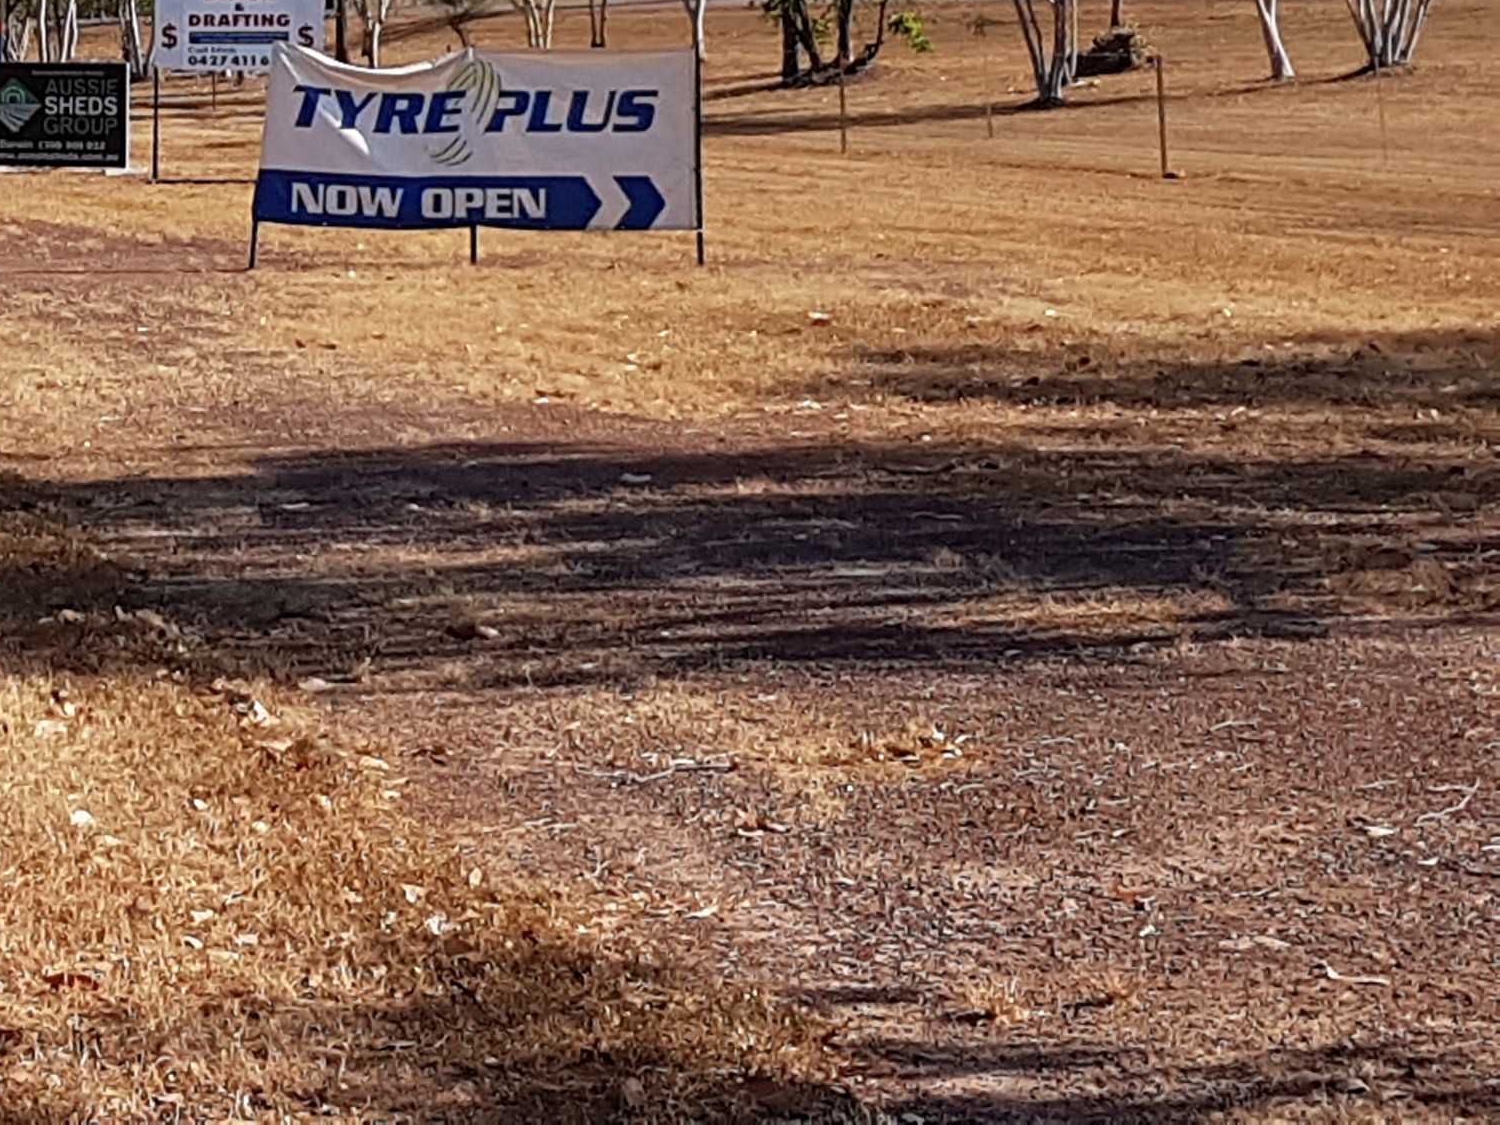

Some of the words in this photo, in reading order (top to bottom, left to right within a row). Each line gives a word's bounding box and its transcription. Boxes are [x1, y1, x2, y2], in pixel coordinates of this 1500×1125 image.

[235, 3, 244, 12] &
[188, 14, 290, 27] DRAFTING
[161, 23, 177, 49] $
[44, 79, 118, 95] AUSSIE
[44, 96, 118, 116] SHEDS
[293, 85, 466, 134] TYRE
[485, 90, 659, 133] PLUS
[43, 116, 118, 135] GROUP
[291, 182, 404, 217] NOW
[421, 187, 547, 220] OPEN
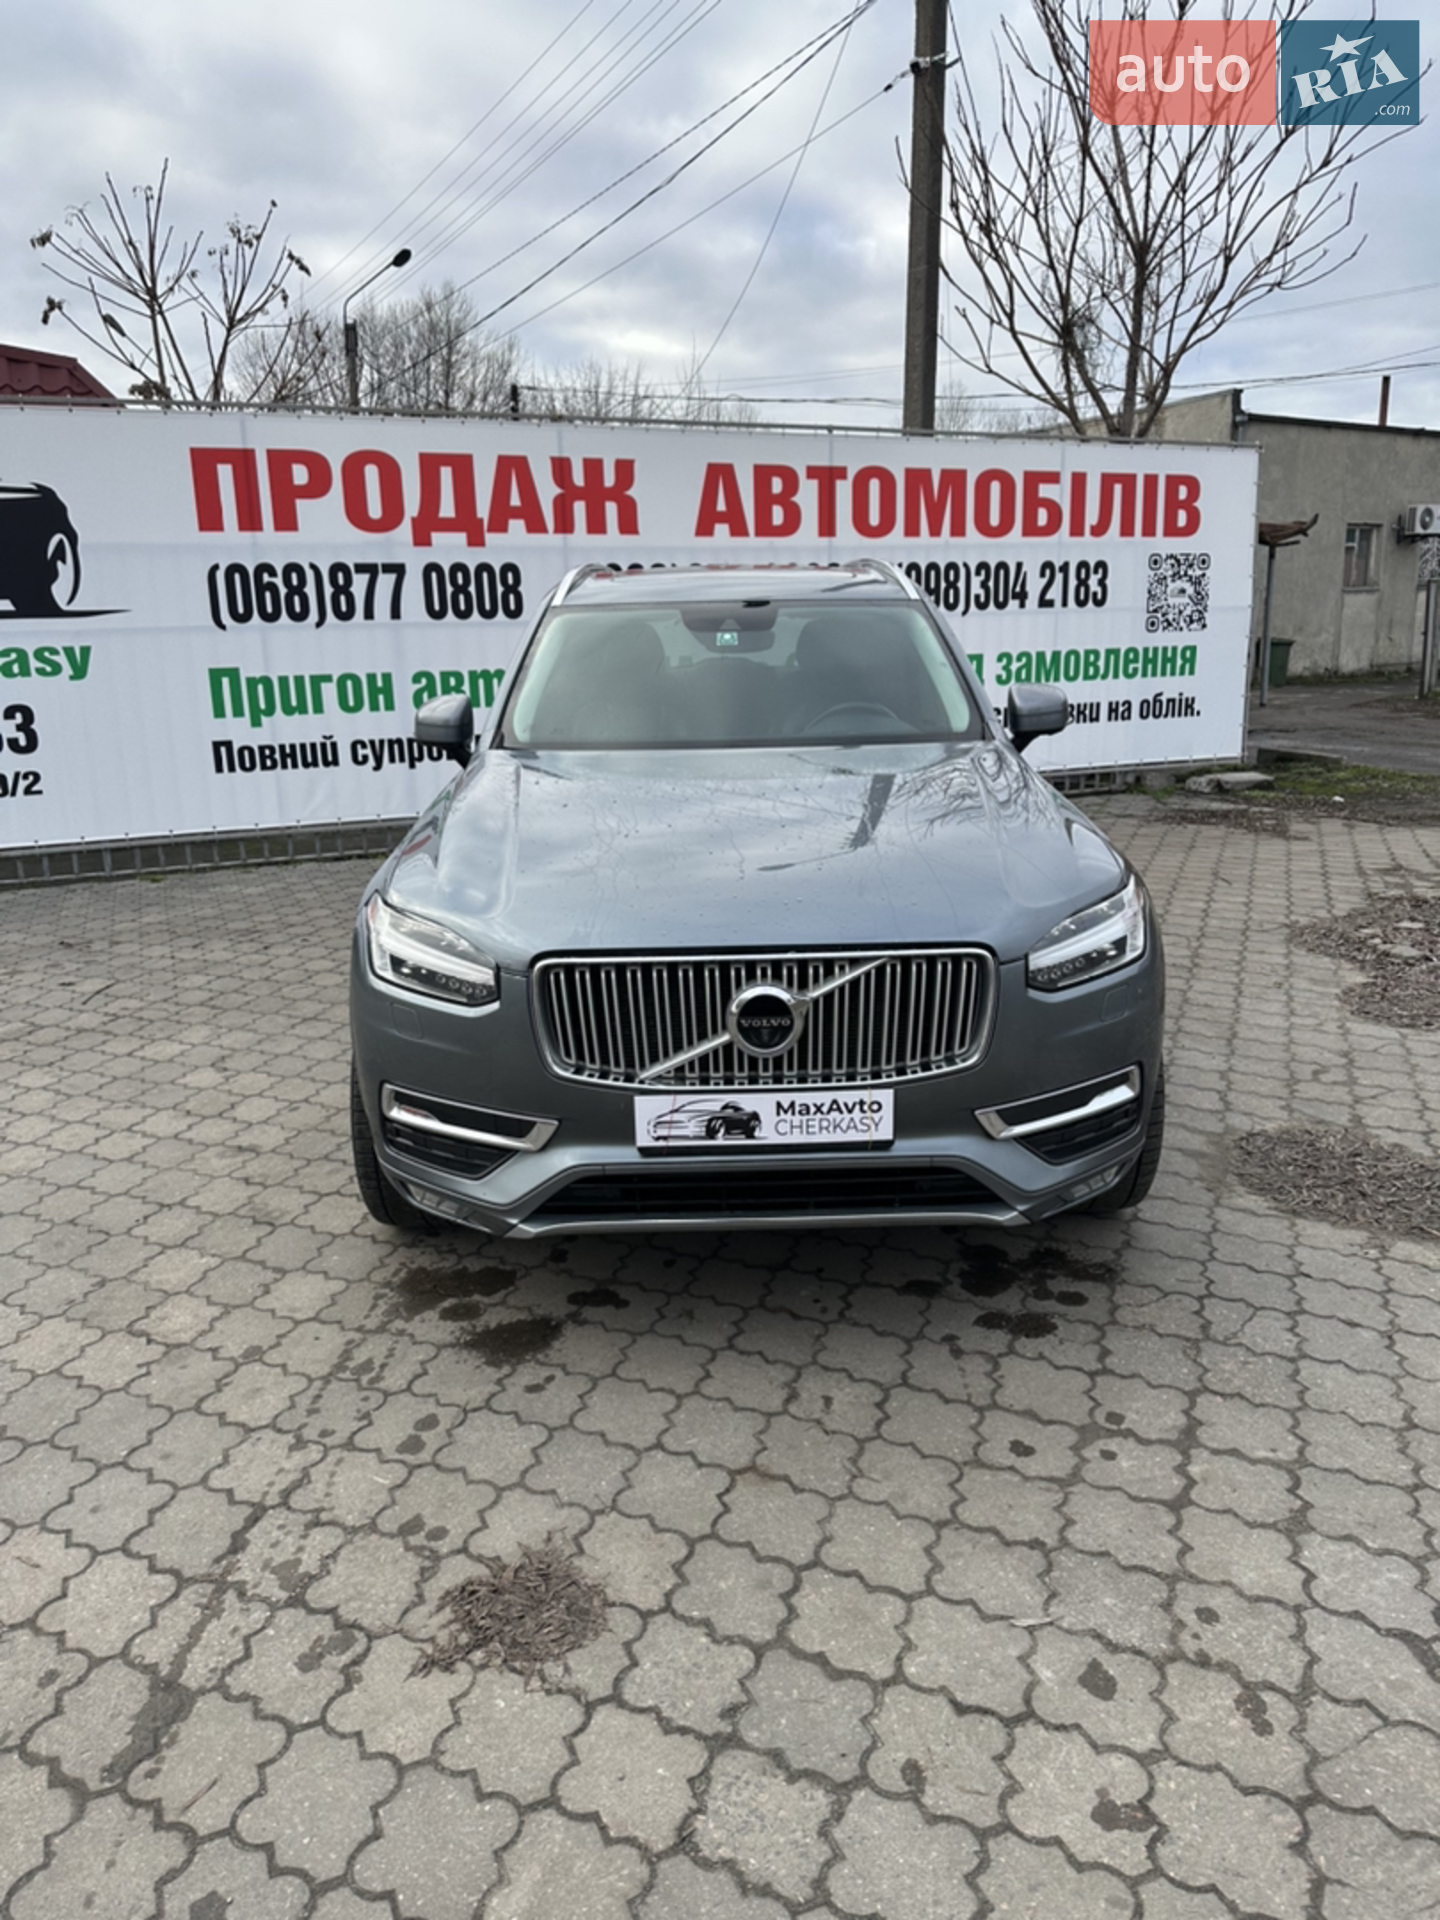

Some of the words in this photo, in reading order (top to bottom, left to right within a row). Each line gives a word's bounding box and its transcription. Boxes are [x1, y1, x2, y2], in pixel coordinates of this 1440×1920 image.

______________________________

**WHAT IS BEING ASKED**:
Could you retype the records above exactly, omitting the pictures?

**SOLUTION**:
Some of the words in this photo, in reading order (top to bottom, left to right within a row). Each line gives a word's bounding box and its transcription. Boxes are [x1, y1, x2, y2], in pixel coordinates of this 1500×1125 image.

[235, 3, 244, 12] &
[188, 14, 290, 27] DRAFTING
[161, 23, 177, 49] $
[44, 79, 118, 95] AUSSIE
[44, 96, 118, 116] SHEDS
[293, 85, 466, 134] TYRE
[485, 90, 659, 133] PLUS
[43, 116, 118, 135] GROUP
[291, 182, 404, 217] NOW
[421, 187, 547, 220] OPEN

Some of the words in this photo, in reading order (top to bottom, left to right within a row). Each line gives a word's bounding box and its transcription. Boxes are [x1, y1, x2, y2], in pixel coordinates of this 1440×1920 image.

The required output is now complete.